*** Opening of Records for this task ***

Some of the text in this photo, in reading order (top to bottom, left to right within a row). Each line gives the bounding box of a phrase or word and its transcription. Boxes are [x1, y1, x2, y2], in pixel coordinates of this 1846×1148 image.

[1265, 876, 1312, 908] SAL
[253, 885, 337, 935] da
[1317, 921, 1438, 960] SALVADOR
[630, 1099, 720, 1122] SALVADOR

*** Close of Records for this task ***

All lines of the data above must be repeated exactly.

== Exercise result ==
Some of the text in this photo, in reading order (top to bottom, left to right within a row). Each line gives the bounding box of a phrase or word and its transcription. Boxes are [x1, y1, x2, y2], in pixel coordinates of this 1846×1148 image.

[1265, 876, 1312, 908] SAL
[253, 885, 337, 935] da
[1317, 921, 1438, 960] SALVADOR
[630, 1099, 720, 1122] SALVADOR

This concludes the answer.